---------- RECORDS FOR THE TASK ----------
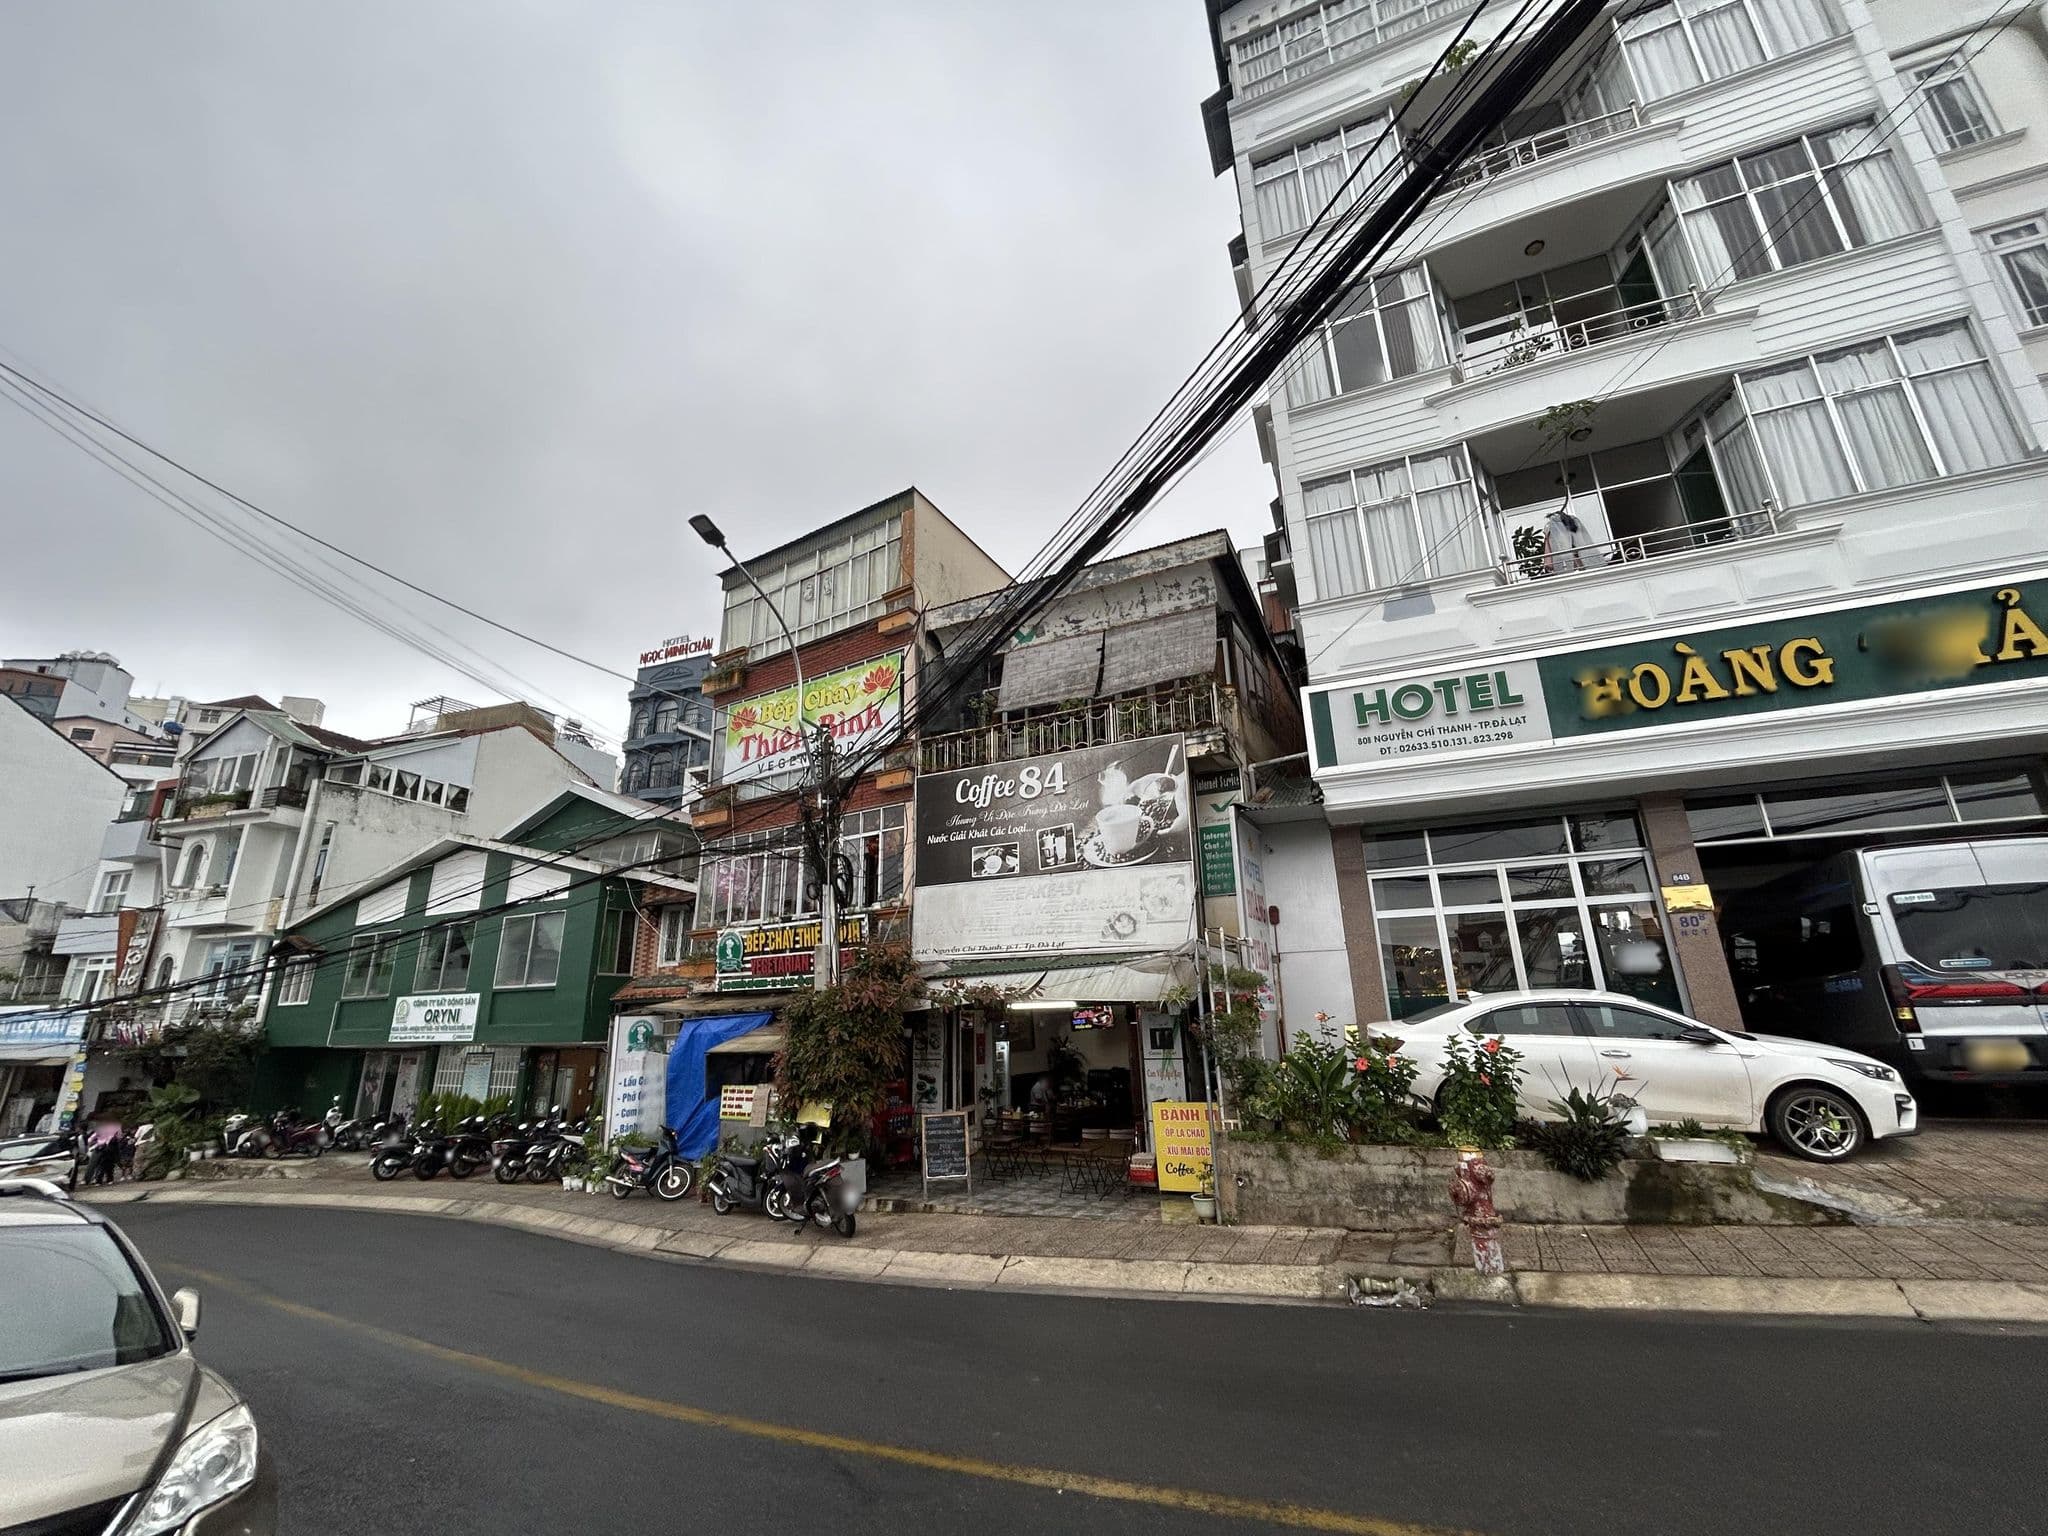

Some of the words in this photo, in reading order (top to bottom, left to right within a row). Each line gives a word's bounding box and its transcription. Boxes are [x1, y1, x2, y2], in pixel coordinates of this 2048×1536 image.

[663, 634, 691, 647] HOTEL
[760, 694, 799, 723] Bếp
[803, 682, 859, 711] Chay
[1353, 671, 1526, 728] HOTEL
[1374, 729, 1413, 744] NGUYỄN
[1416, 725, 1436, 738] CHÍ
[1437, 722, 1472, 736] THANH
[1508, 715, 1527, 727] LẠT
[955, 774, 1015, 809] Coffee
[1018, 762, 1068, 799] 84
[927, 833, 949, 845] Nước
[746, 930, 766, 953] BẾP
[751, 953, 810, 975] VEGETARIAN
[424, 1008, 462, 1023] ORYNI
----------
__WHAT TO PRODUCE__.
Each entry above must be repeated word for word, minus its images.

__SOLUTION FOR THIS PROBLEM__.
Some of the words in this photo, in reading order (top to bottom, left to right within a row). Each line gives a word's bounding box and its transcription. Boxes are [x1, y1, x2, y2], in pixel coordinates of this 2048×1536 image.

[663, 634, 691, 647] HOTEL
[760, 694, 799, 723] Bếp
[803, 682, 859, 711] Chay
[1353, 671, 1526, 728] HOTEL
[1374, 729, 1413, 744] NGUYỄN
[1416, 725, 1436, 738] CHÍ
[1437, 722, 1472, 736] THANH
[1508, 715, 1527, 727] LẠT
[955, 774, 1015, 809] Coffee
[1018, 762, 1068, 799] 84
[927, 833, 949, 845] Nước
[746, 930, 766, 953] BẾP
[751, 953, 810, 975] VEGETARIAN
[424, 1008, 462, 1023] ORYNI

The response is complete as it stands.